For thrills and wondrous excitement, go to one of the latest circus shows: Cirque BouglioneCirque Pinder or Cirque National Alexis Gruss. For something out of this world, you can experience Kooza, the new show by Cirque du Soleil. Whatever your choice, prepare for an evening of fantastical characters, colours, sounds and mind-boggling feats and tricks.
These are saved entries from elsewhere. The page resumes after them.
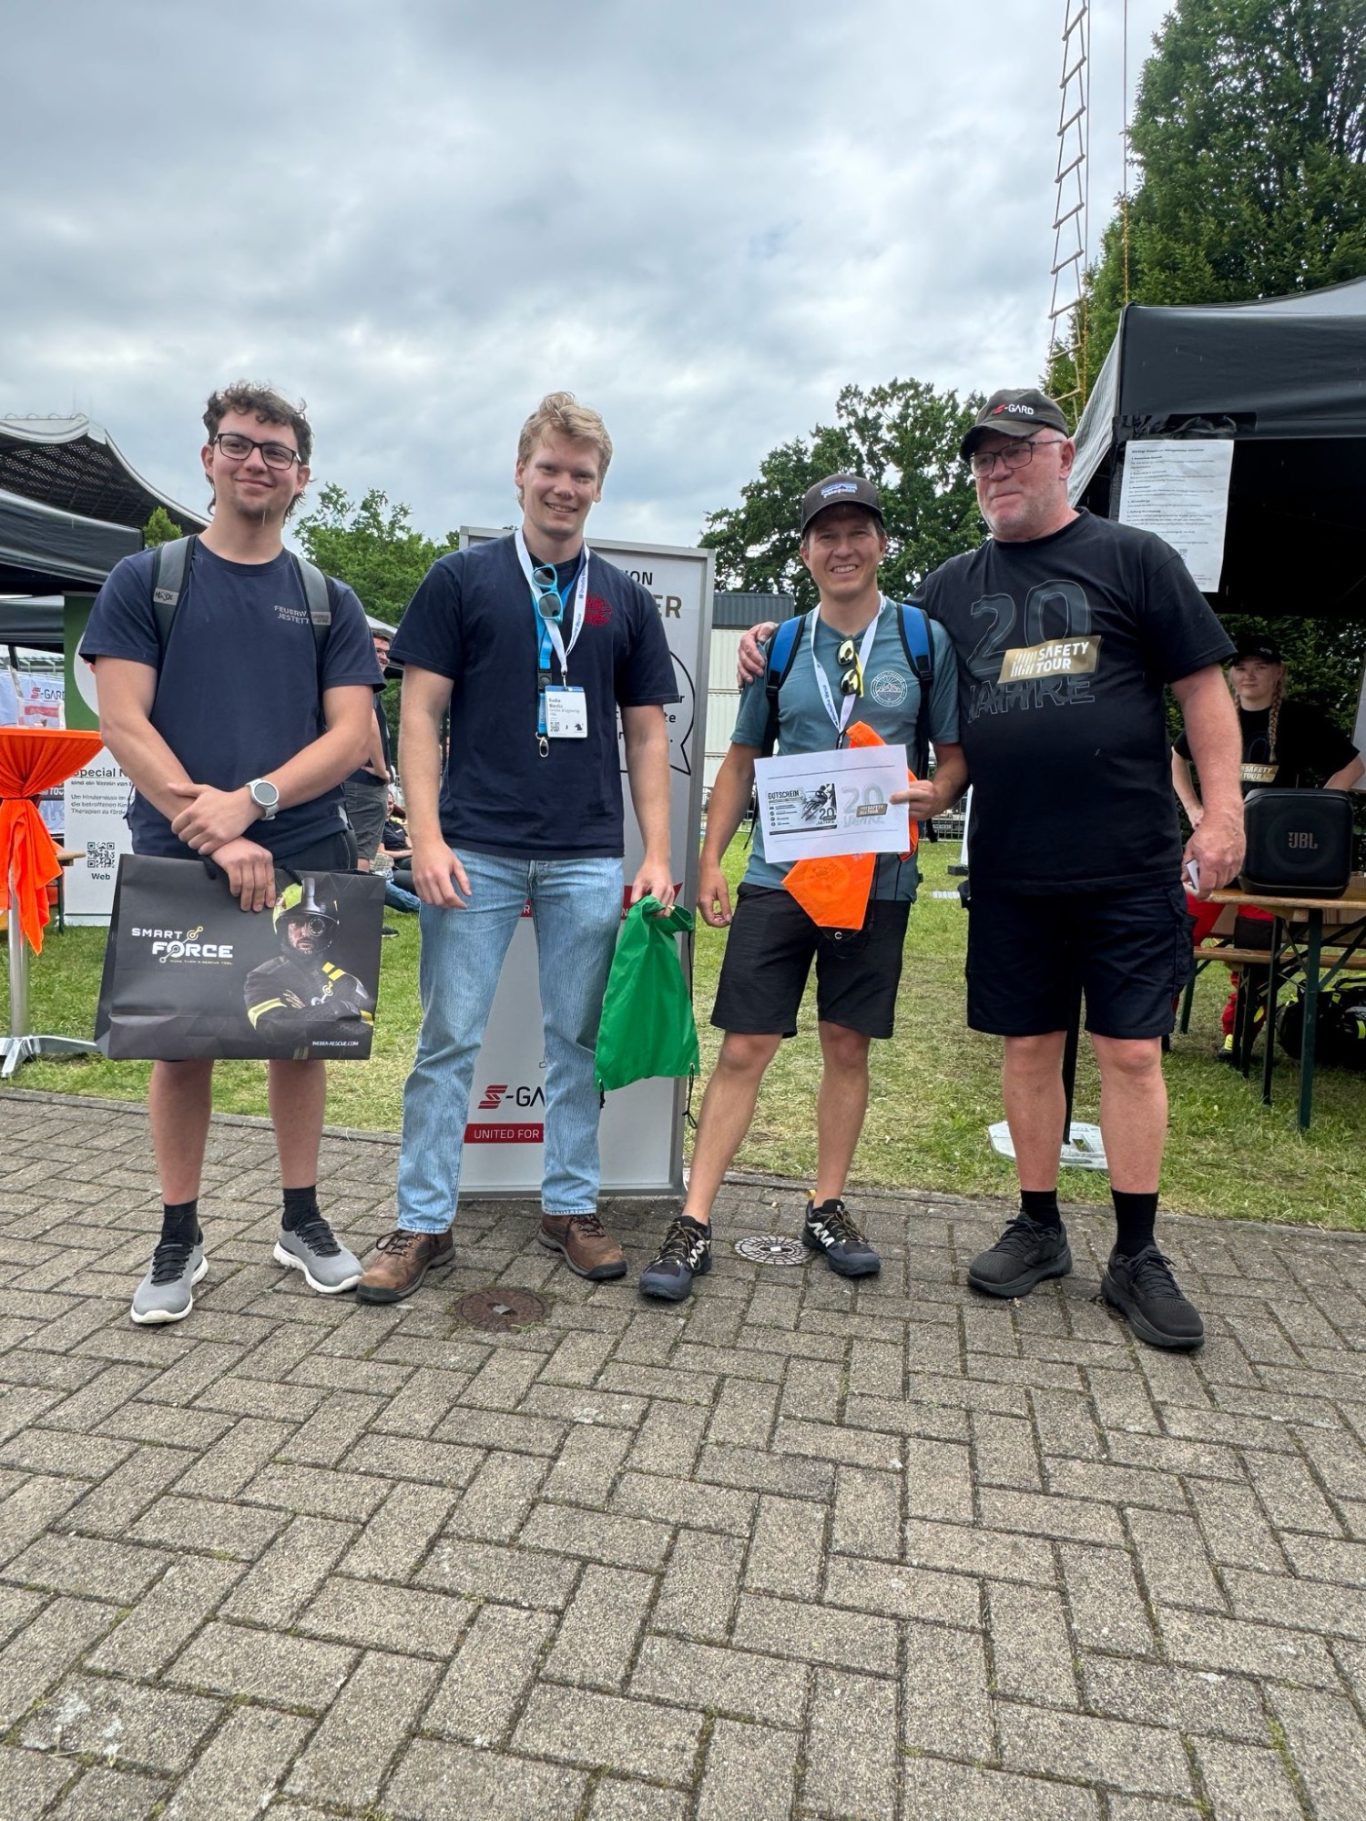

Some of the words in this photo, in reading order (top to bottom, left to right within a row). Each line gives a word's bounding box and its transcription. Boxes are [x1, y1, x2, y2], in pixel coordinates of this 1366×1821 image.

[992, 404, 1034, 415] S-GARD
[624, 570, 653, 585] ON
[1038, 641, 1090, 661] SAFETY
[1035, 657, 1072, 674] TOUR
[31, 687, 65, 700] S-GAR
[1288, 832, 1318, 849] JBL
[131, 928, 183, 939] SMART
[152, 941, 234, 958] FORCE
[473, 1129, 514, 1139] UNITED
[517, 1129, 540, 1139] FOR
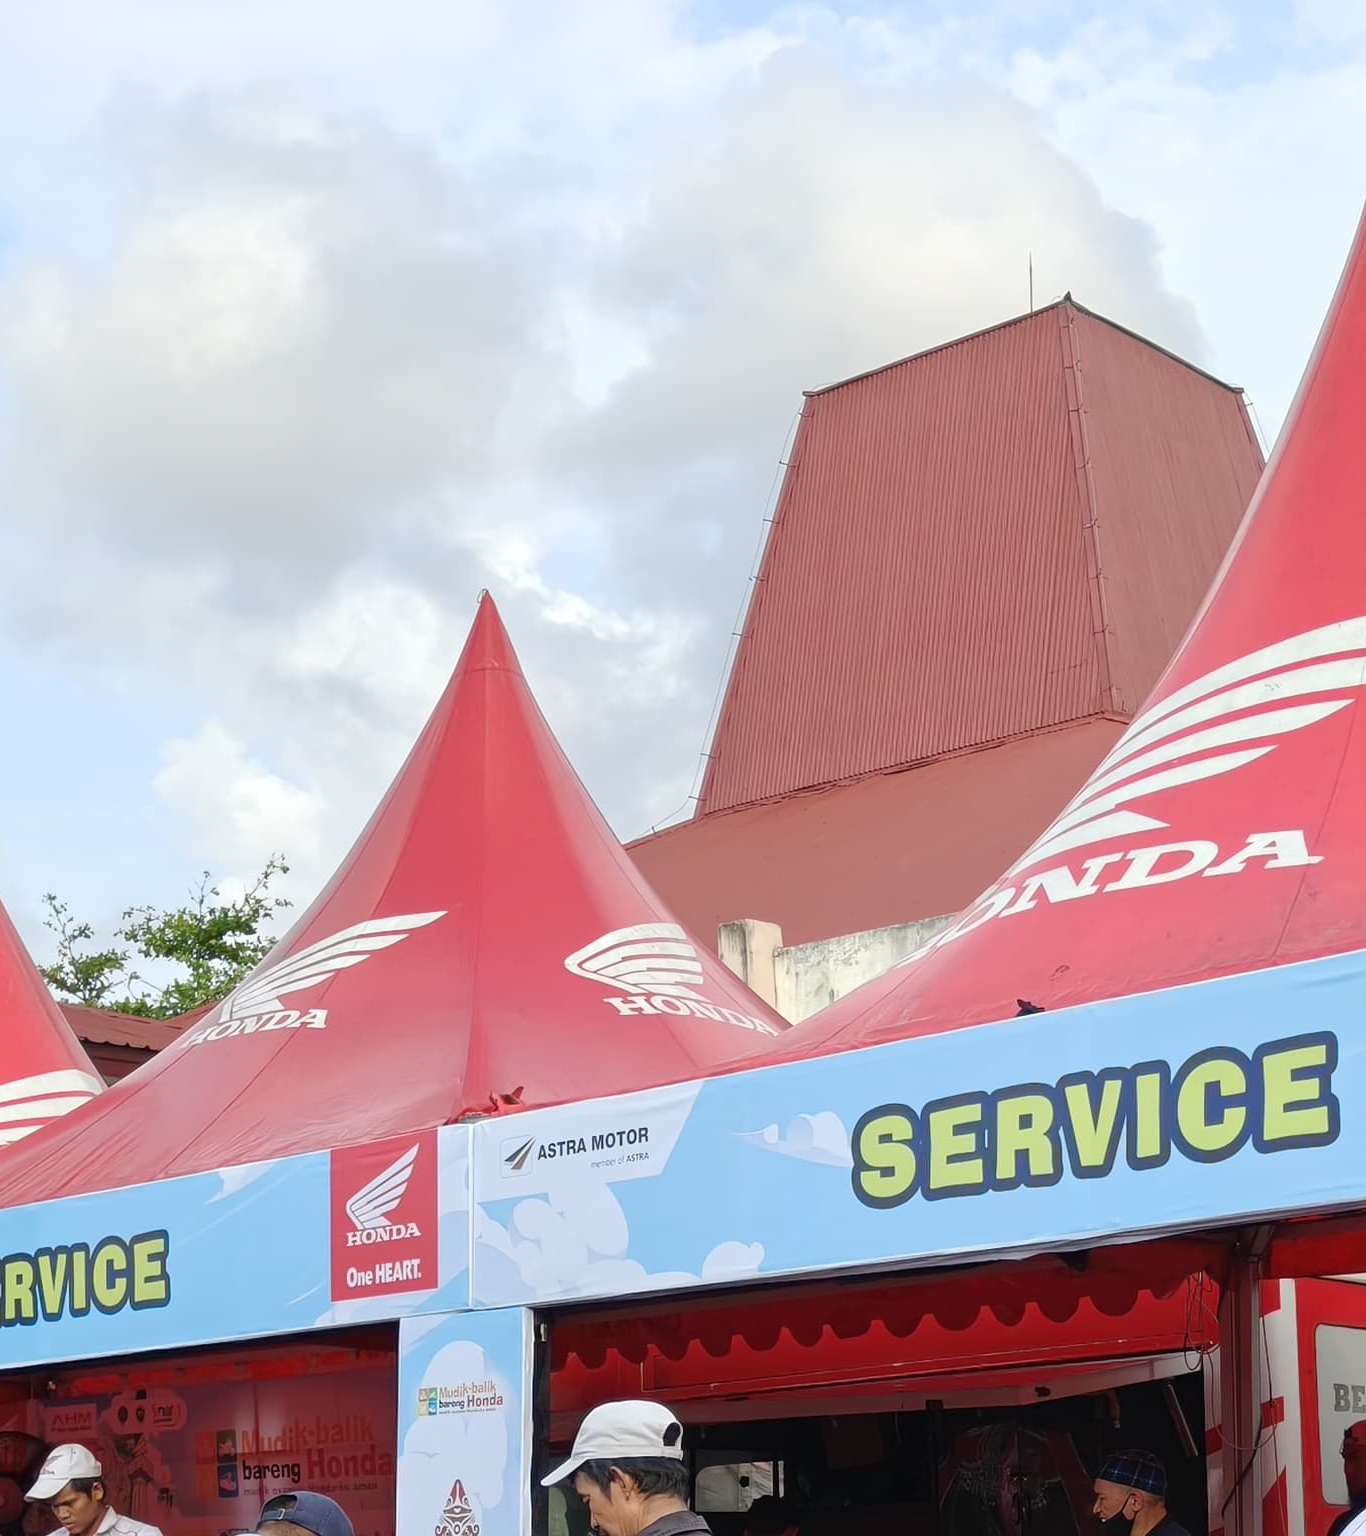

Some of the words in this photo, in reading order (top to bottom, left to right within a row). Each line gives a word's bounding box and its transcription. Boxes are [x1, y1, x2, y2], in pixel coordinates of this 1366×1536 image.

[181, 1008, 328, 1049] HONDA
[602, 996, 780, 1037] HONDA
[852, 1031, 1341, 1208] SERVICE
[537, 1137, 587, 1161] ASTRA
[591, 1127, 650, 1151] MOTOR
[626, 1152, 650, 1163] ASTRA
[346, 1222, 422, 1248] HONDA
[346, 1266, 374, 1289] One
[375, 1258, 423, 1284] HEART.
[438, 1380, 497, 1399] Mudik-balik
[438, 1400, 465, 1409] bareng
[467, 1393, 504, 1408] Honda
[241, 1414, 373, 1456] Mudik-balik
[242, 1460, 301, 1484] bareng
[306, 1447, 393, 1481] Honda
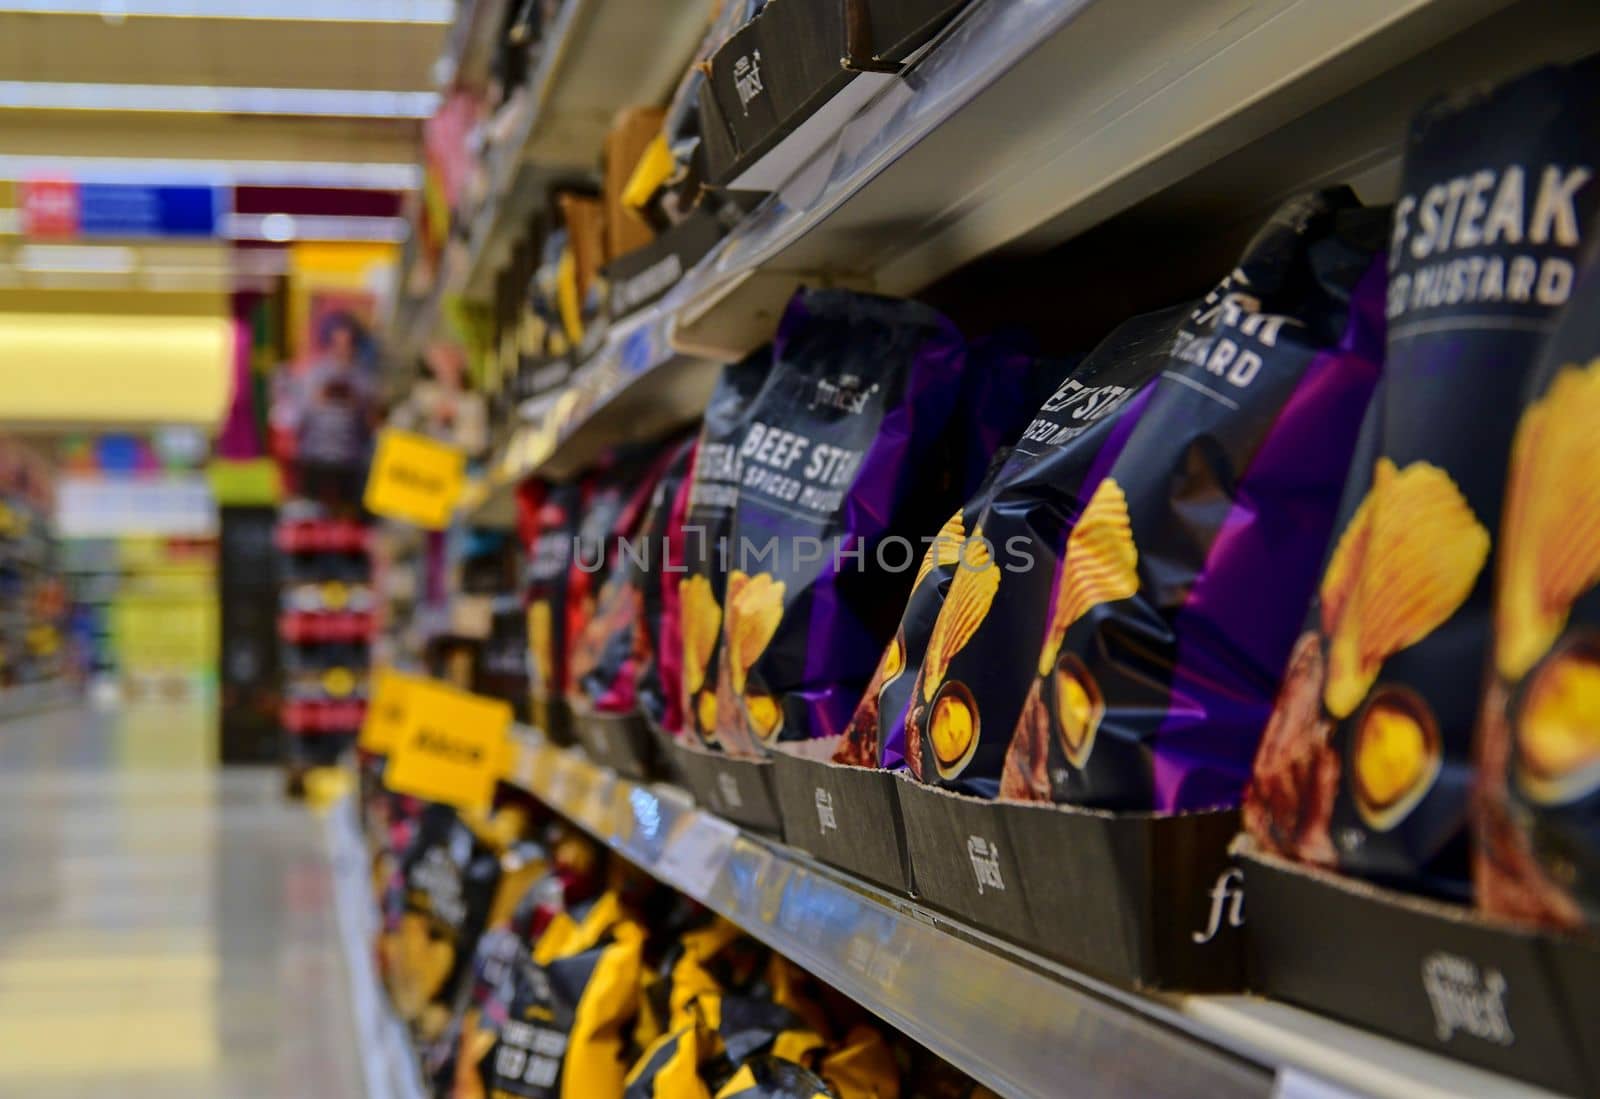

Art lovers will appreciate the many exhibitions taking place, most of which run until the end of January. See the works of Frida Kahlo at the Musee de l’Orangerie, Goya at the Pinacotheque and Braque at the Grand Palais

Quirky

Christophe Alary Musee

Image by Christophe Alary

Enter the bizarre, mysterious world of carnivals of the bygone era at Musée des Arts Forains, also known as The Fun Fair Museum. The museum is located in Bercy, a disctrict once used by Parisian wine merchants, where you can see rows and rows of warehouses with rails running down the lanes for transportation of the barrels. The museum is usually only open with prior reservation, but opens to the general public during Christmas. The collection includes merry-go-rounds and carousels, Japanese billiards and much more dating all the way back to 1850.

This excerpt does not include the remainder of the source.